Wednesday, October 10, 2007

Star Trek: the Manga (TokyoPop)


This is a great way to get Star Trek fans to try something different. You already have several prose series, based on each television incarnation, as well as comic books based on each. With the popularity of Japanese comics (manga) and animation (anime) it was pretty clever of the folks over at TokyoPop, a major publisher of new and translated manga, to try something like this.

This volume of stories, titled SHINSEI SHINSEI, treats us to five stories with different creative teams that show the continuing adventures of the original ST cast. Kirk, McCoy, Spock and the rest of the crew are all in character, although the manga style drawing does not present the cast as we normally picture them. Some of the artists go for a more realistic style, while others use a mixture including the highly exaggerated (with deformed facial features expressing anger, surprise, etc.).

I’m not familiar with any of the artists presented here, but most do a nice job in their interpretations of the Enterprise crew. Gregory Giovanni Johnson, in the second story “Anything But Alone” does the best when it comes to making the characters resemble the actors we are familiar with. EJ Su and Makoto Nakatsuka both have styles we immediately recognize from manga we have read, moving from Nakatsuka’s more realistic to the ‘deformed’ and big-eyed kids of Su in the last story in the book. All the artists do a good job with the action and tell the stories well.
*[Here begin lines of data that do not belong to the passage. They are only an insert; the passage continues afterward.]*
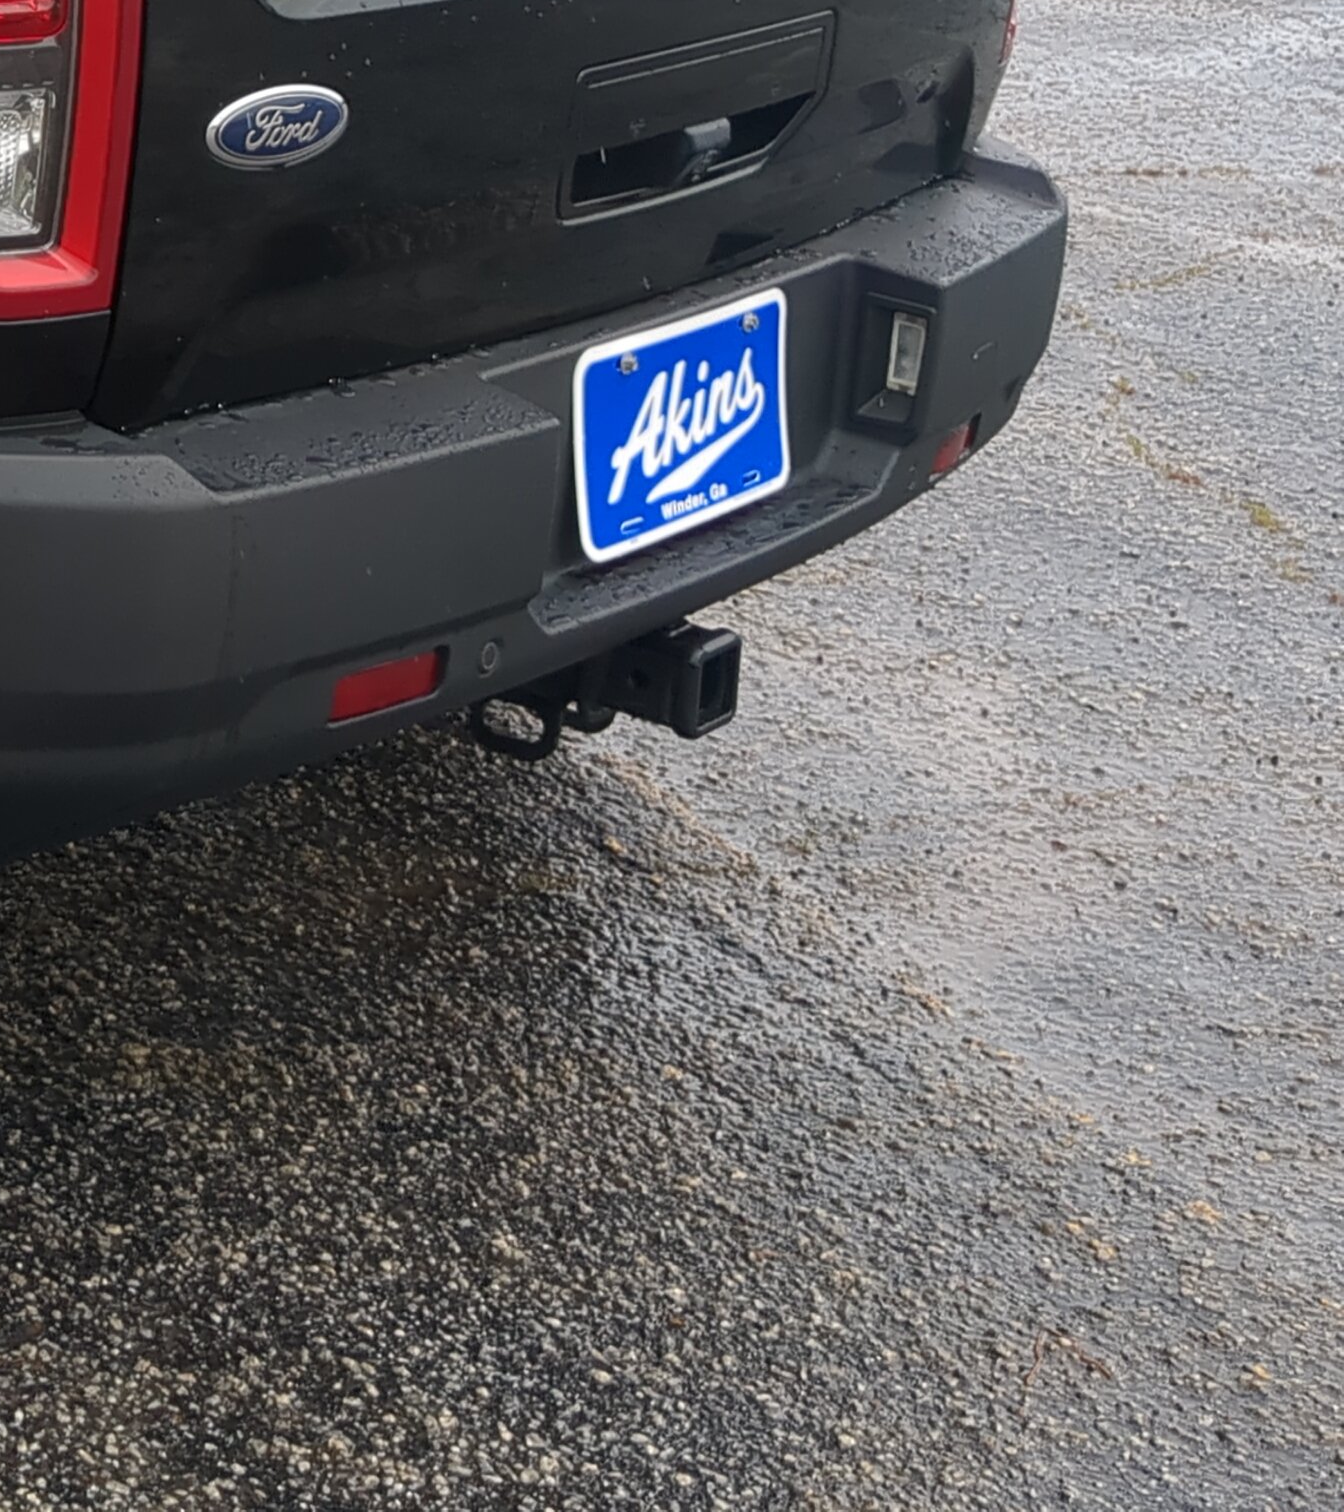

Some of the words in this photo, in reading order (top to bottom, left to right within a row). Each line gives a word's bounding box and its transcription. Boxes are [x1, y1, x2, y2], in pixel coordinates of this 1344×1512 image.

[245, 103, 323, 152] Ford
[608, 347, 764, 505] Akins
[660, 492, 709, 520] Winder,
[709, 482, 728, 501] Ga
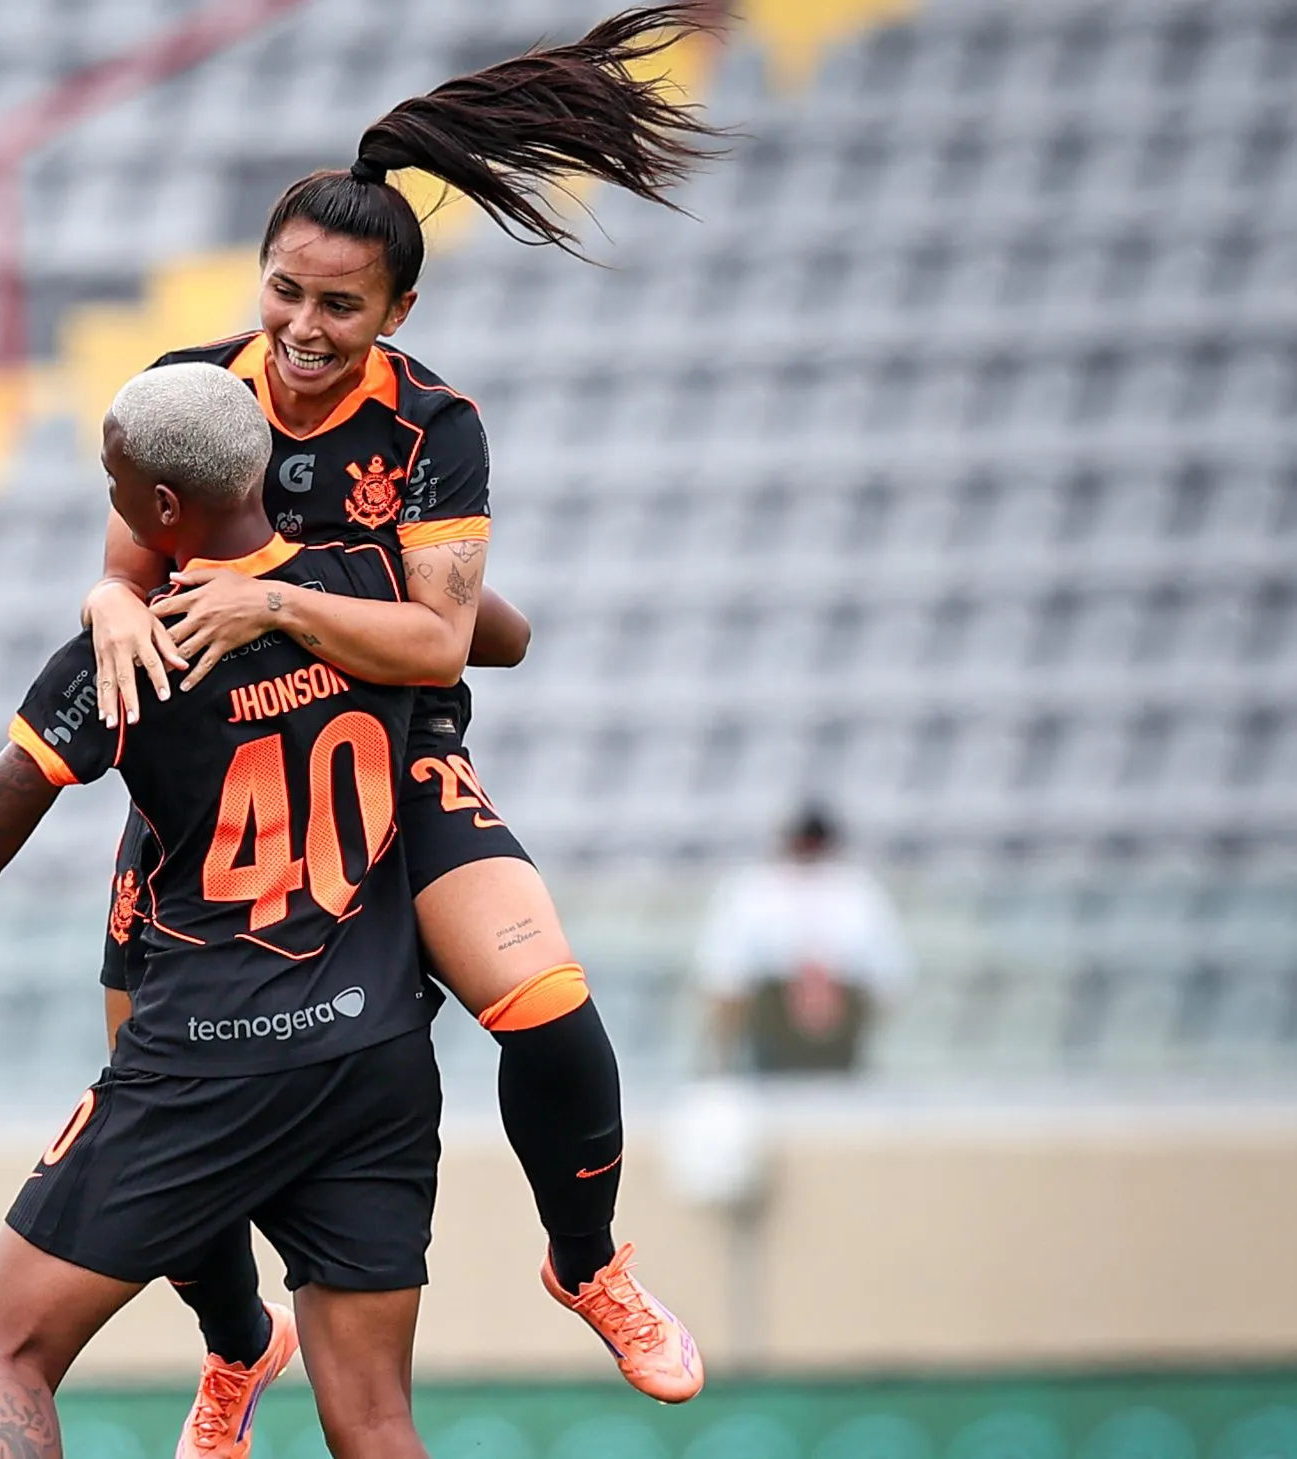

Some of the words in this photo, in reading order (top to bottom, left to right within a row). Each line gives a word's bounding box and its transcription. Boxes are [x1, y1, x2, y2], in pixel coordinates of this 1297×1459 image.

[279, 454, 316, 493] G
[55, 675, 97, 731] bm
[63, 670, 89, 699] banco
[410, 754, 502, 821] 20
[203, 710, 393, 932] 40
[188, 1002, 335, 1041] tecnogera
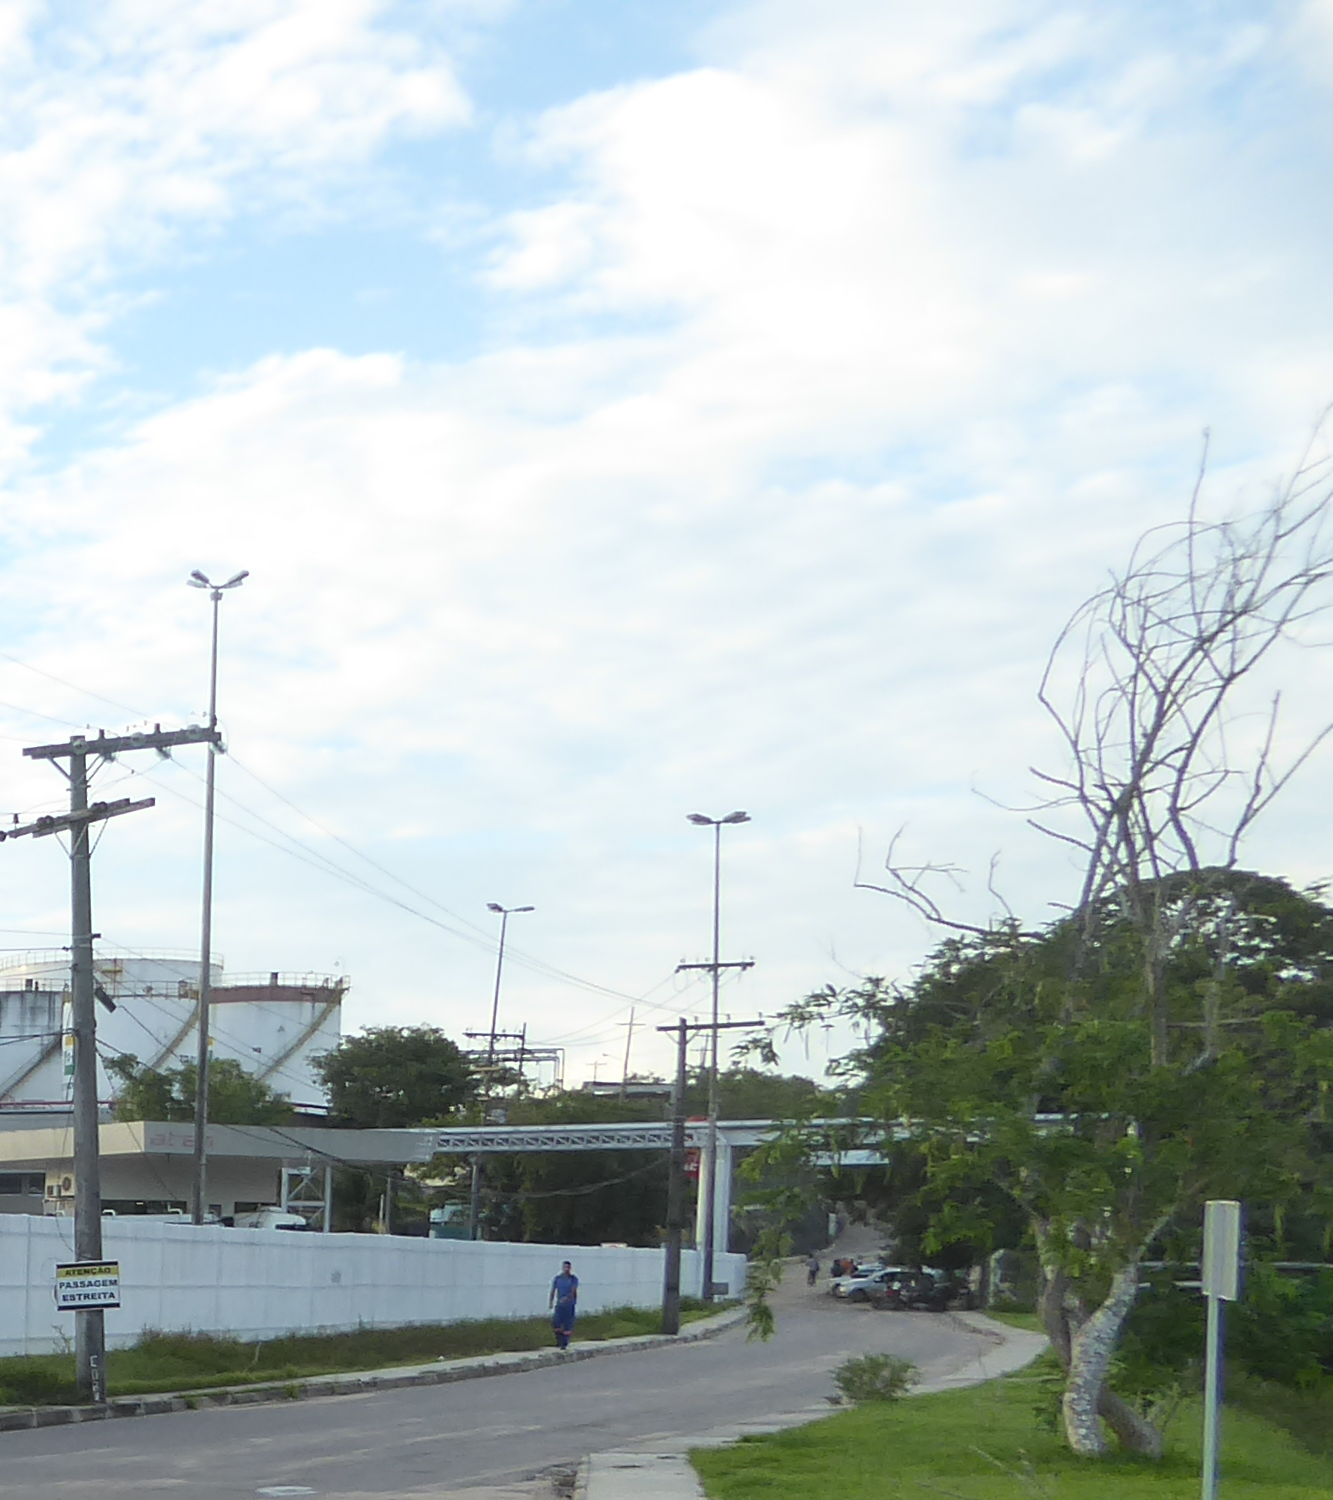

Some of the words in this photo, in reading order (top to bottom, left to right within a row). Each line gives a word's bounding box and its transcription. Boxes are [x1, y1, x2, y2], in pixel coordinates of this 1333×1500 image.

[64, 1266, 112, 1277] ATENÇÃO
[59, 1279, 118, 1290] PASSAGEM
[62, 1291, 116, 1302] ESTREITA
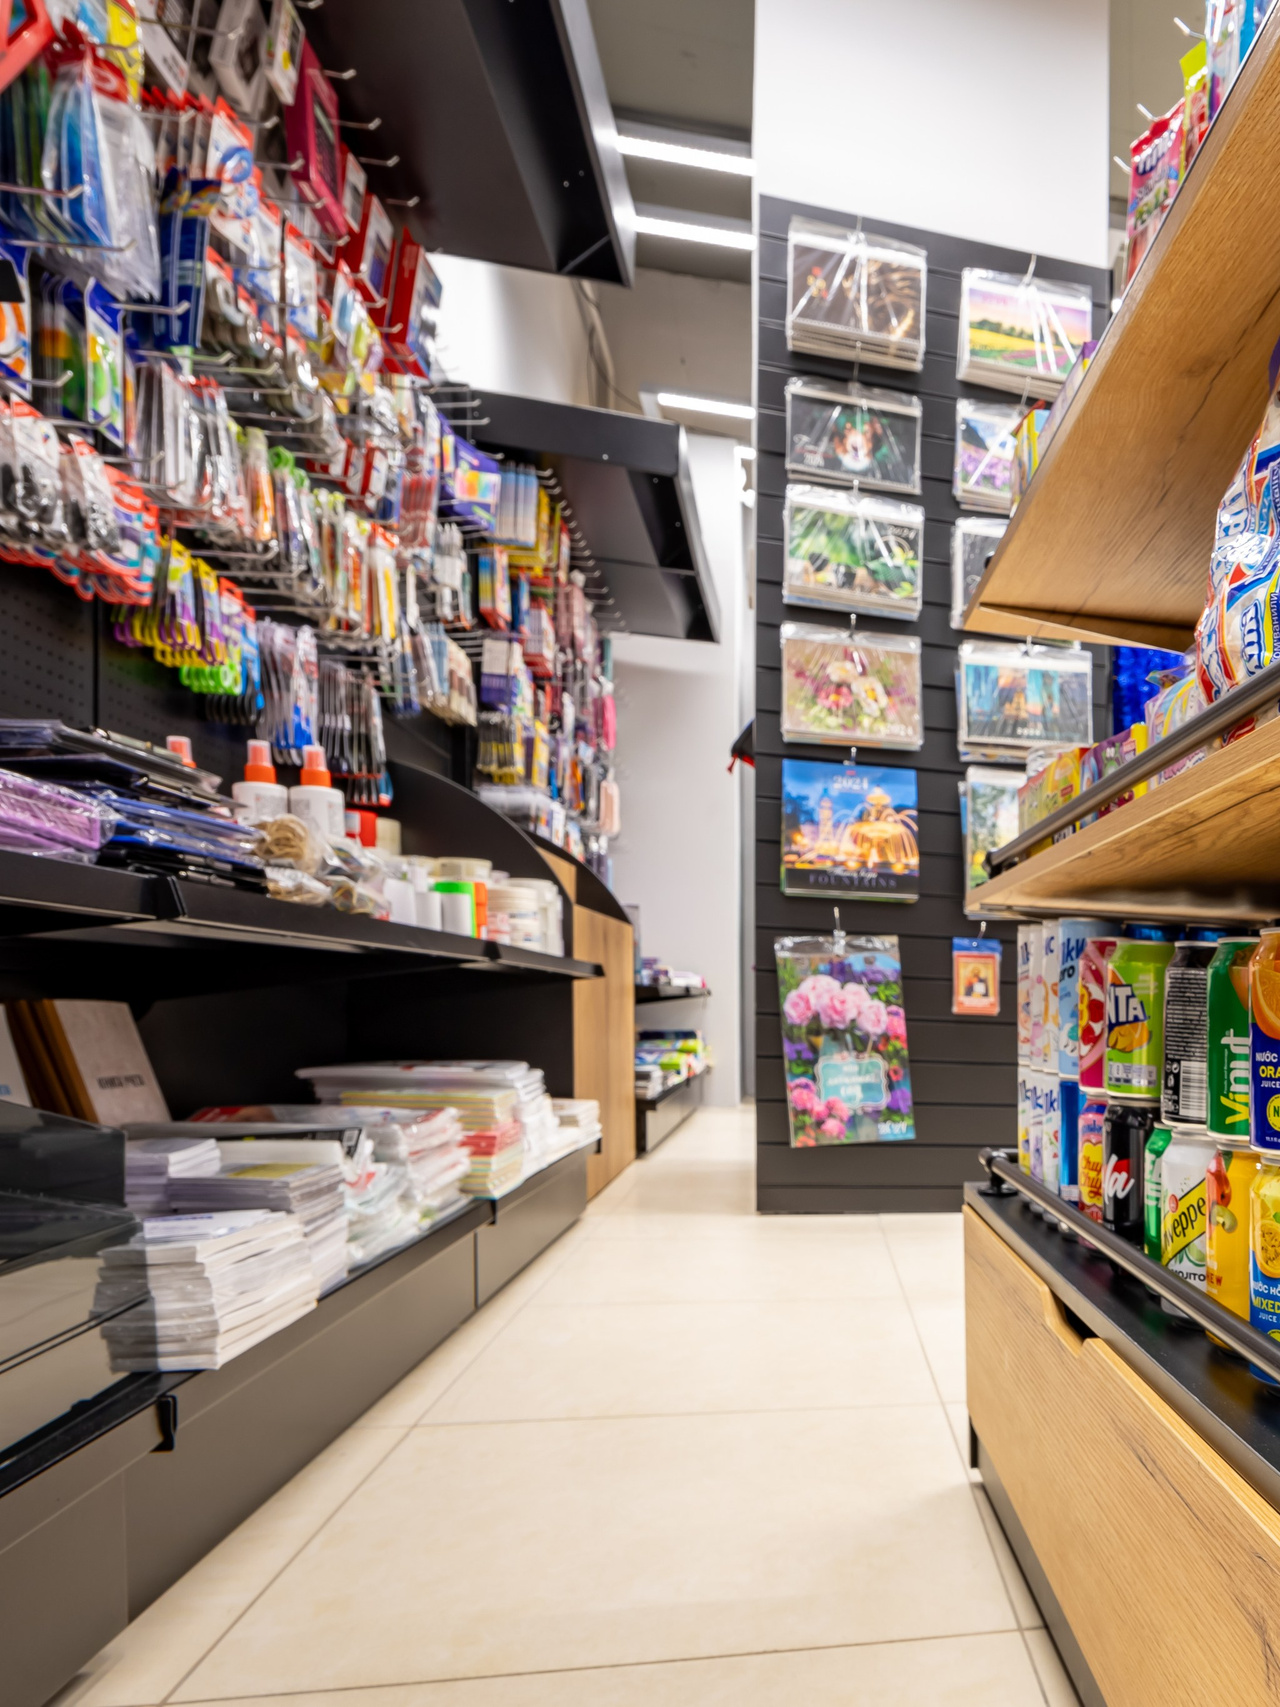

Of the writers, I only know Mike W. Barr from his work on DC titles (like BATMAN & THE OUTSIDERS) and his own creation the MAZE AGENCY, which has been distributed by several independent publishers. All the stories are decent, with the first, SIDE EFFECTS, by Chris Dows & Nakatsuka, introducing a character who just might be the original member of a race which went on to be a major ST menace. (I won’t give it away!)

Overall, if you find this in the graphic novel section of your local library, or are a real ST fan, you might enjoy this book. I wouldn’t mind finding that this is the first in a series of such manga. The TokyoPop folks have also included a 'bonus' with a prose story by Dayton Ward & Kevin Dilmore, taken from a new anthology of ST short-stories STAR TREK: CONSTELLATIONS.